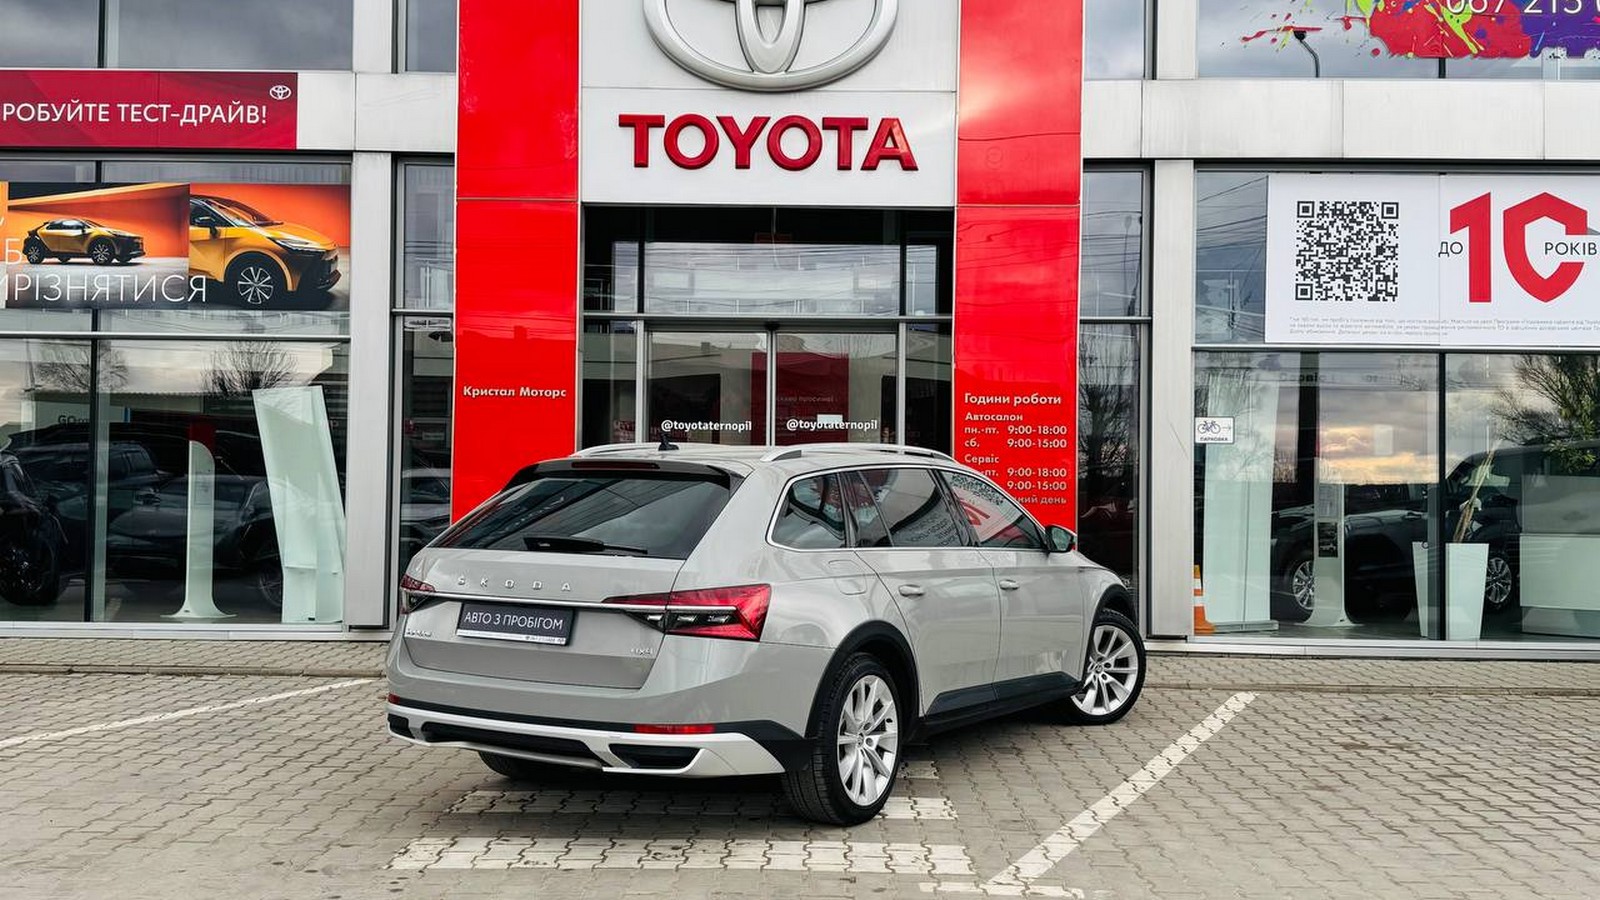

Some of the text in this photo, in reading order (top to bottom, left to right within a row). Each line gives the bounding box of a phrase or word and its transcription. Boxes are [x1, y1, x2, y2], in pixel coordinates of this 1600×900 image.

[3, 99, 267, 126] РОБУЙТЕ ТЕСТ-ДРАЙВ!
[618, 114, 919, 171] TOYOTA
[1438, 241, 1463, 258] ДО
[1544, 241, 1598, 256] РОКІВ
[463, 386, 567, 399] Кристал Моторс
[964, 393, 1062, 406] Години роботи
[965, 412, 1023, 421] Автосалон
[660, 419, 753, 434] @toyotaternopil
[786, 419, 878, 433] @toyotaternopil
[1007, 425, 1067, 435] 9:00-18:00
[964, 437, 1067, 448] сб. 9:00-15:00
[964, 454, 1000, 465] Сервіс
[1007, 468, 1067, 477] 9:00-18:00
[1006, 481, 1067, 491] 9:00-15:00
[1040, 497, 1067, 505] день
[464, 611, 492, 625] АВТО
[502, 614, 563, 631] ПРОБІГОМ

> [Exercise details]:
Repeat the data verbatim, excluding all pictures.

> [Exercise solution]:
Some of the text in this photo, in reading order (top to bottom, left to right within a row). Each line gives the bounding box of a phrase or word and its transcription. Boxes are [x1, y1, x2, y2], in pixel coordinates of this 1600×900 image.

[3, 99, 267, 126] РОБУЙТЕ ТЕСТ-ДРАЙВ!
[618, 114, 919, 171] TOYOTA
[1438, 241, 1463, 258] ДО
[1544, 241, 1598, 256] РОКІВ
[463, 386, 567, 399] Кристал Моторс
[964, 393, 1062, 406] Години роботи
[965, 412, 1023, 421] Автосалон
[660, 419, 753, 434] @toyotaternopil
[786, 419, 878, 433] @toyotaternopil
[1007, 425, 1067, 435] 9:00-18:00
[964, 437, 1067, 448] сб. 9:00-15:00
[964, 454, 1000, 465] Сервіс
[1007, 468, 1067, 477] 9:00-18:00
[1006, 481, 1067, 491] 9:00-15:00
[1040, 497, 1067, 505] день
[464, 611, 492, 625] АВТО
[502, 614, 563, 631] ПРОБІГОМ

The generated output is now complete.